- [Data provided]
··········
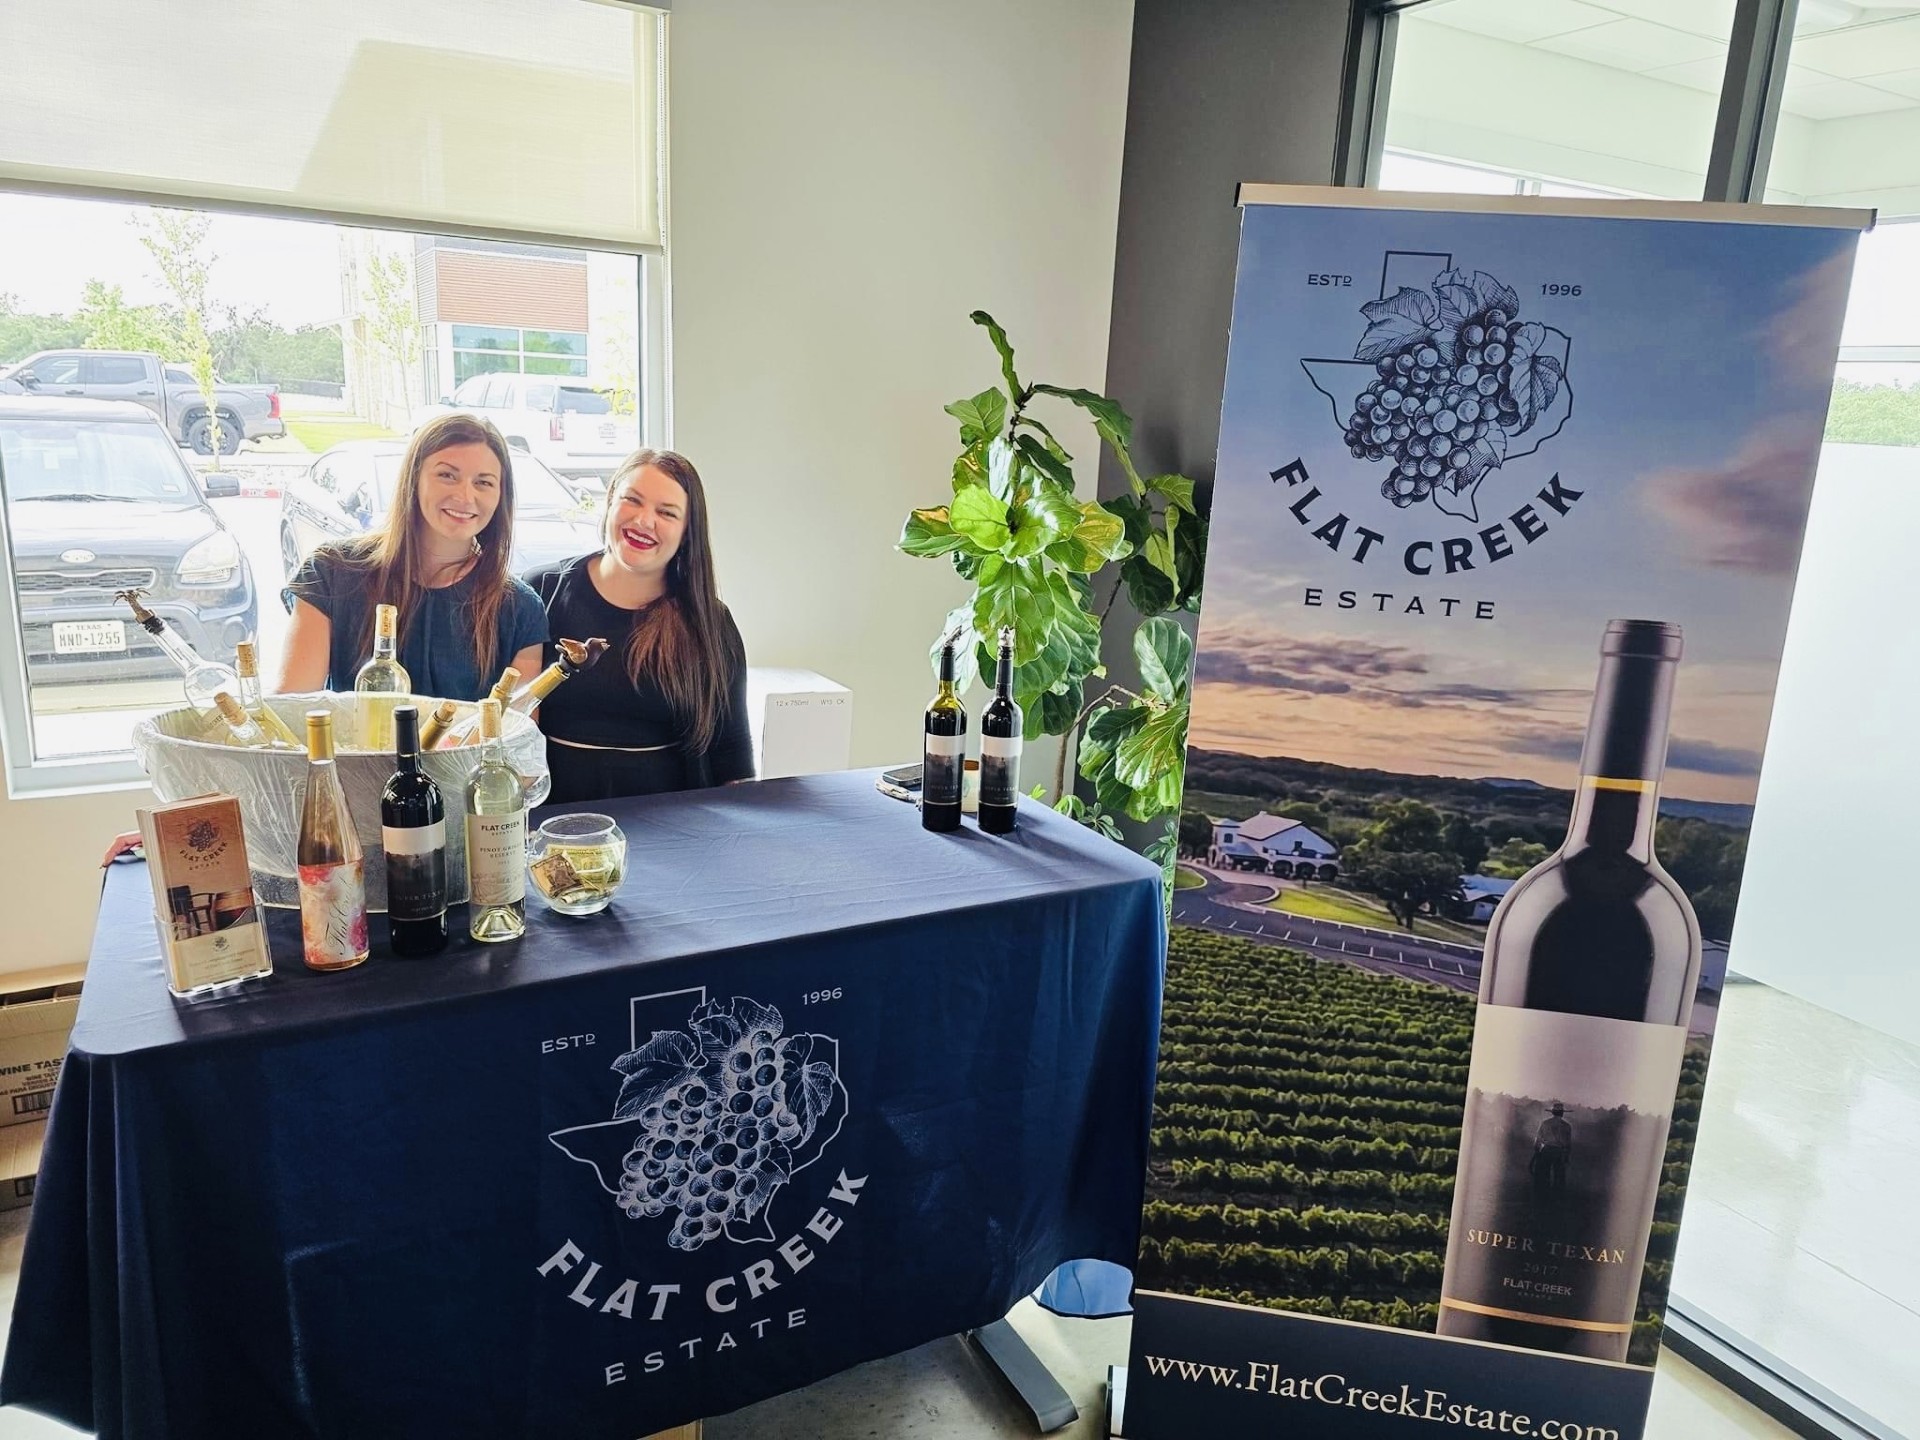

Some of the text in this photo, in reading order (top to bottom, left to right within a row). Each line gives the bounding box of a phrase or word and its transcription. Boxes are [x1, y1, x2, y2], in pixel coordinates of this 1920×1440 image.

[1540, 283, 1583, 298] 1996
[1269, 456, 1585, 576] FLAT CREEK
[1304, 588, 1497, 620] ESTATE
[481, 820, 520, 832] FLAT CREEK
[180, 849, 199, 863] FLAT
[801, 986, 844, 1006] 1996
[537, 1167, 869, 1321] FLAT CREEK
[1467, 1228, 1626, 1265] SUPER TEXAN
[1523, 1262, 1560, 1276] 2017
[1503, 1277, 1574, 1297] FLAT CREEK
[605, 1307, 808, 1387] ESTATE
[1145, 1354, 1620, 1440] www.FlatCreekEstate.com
··········
- [Work request] What you give back should match the entries above exactly, except that pictures are dropped.

- [Answer space]
Some of the text in this photo, in reading order (top to bottom, left to right within a row). Each line gives the bounding box of a phrase or word and its transcription. Boxes are [x1, y1, x2, y2], in pixel coordinates of this 1920×1440 image.

[1540, 283, 1583, 298] 1996
[1269, 456, 1585, 576] FLAT CREEK
[1304, 588, 1497, 620] ESTATE
[481, 820, 520, 832] FLAT CREEK
[180, 849, 199, 863] FLAT
[801, 986, 844, 1006] 1996
[537, 1167, 869, 1321] FLAT CREEK
[1467, 1228, 1626, 1265] SUPER TEXAN
[1523, 1262, 1560, 1276] 2017
[1503, 1277, 1574, 1297] FLAT CREEK
[605, 1307, 808, 1387] ESTATE
[1145, 1354, 1620, 1440] www.FlatCreekEstate.com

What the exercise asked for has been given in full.